- Your instructions: Transcribe the entries that follow, every word as written, and drop the pictures.
START Data to process
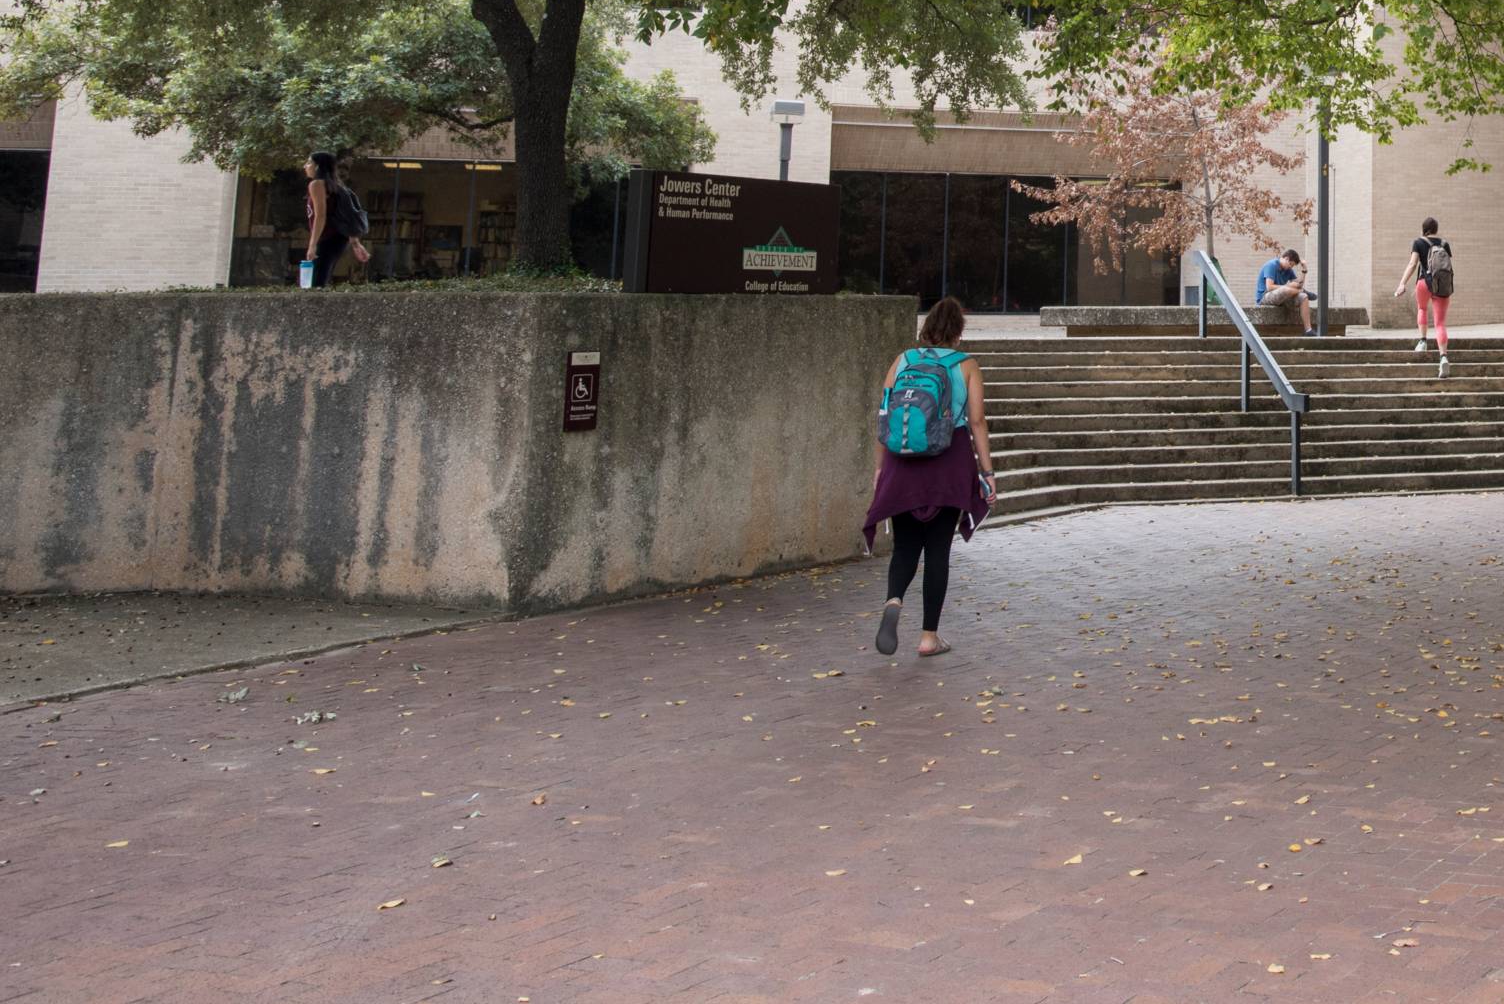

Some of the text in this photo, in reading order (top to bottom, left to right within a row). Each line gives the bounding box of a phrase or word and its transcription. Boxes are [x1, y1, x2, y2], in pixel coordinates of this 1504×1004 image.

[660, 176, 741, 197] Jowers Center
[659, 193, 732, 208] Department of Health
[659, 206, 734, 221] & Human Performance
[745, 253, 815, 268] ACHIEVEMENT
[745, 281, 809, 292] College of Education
END Data to process
- Answer section:
Some of the text in this photo, in reading order (top to bottom, left to right within a row). Each line gives the bounding box of a phrase or word and its transcription. Boxes are [x1, y1, x2, y2], in pixel coordinates of this 1504×1004 image.

[660, 176, 741, 197] Jowers Center
[659, 193, 732, 208] Department of Health
[659, 206, 734, 221] & Human Performance
[745, 253, 815, 268] ACHIEVEMENT
[745, 281, 809, 292] College of Education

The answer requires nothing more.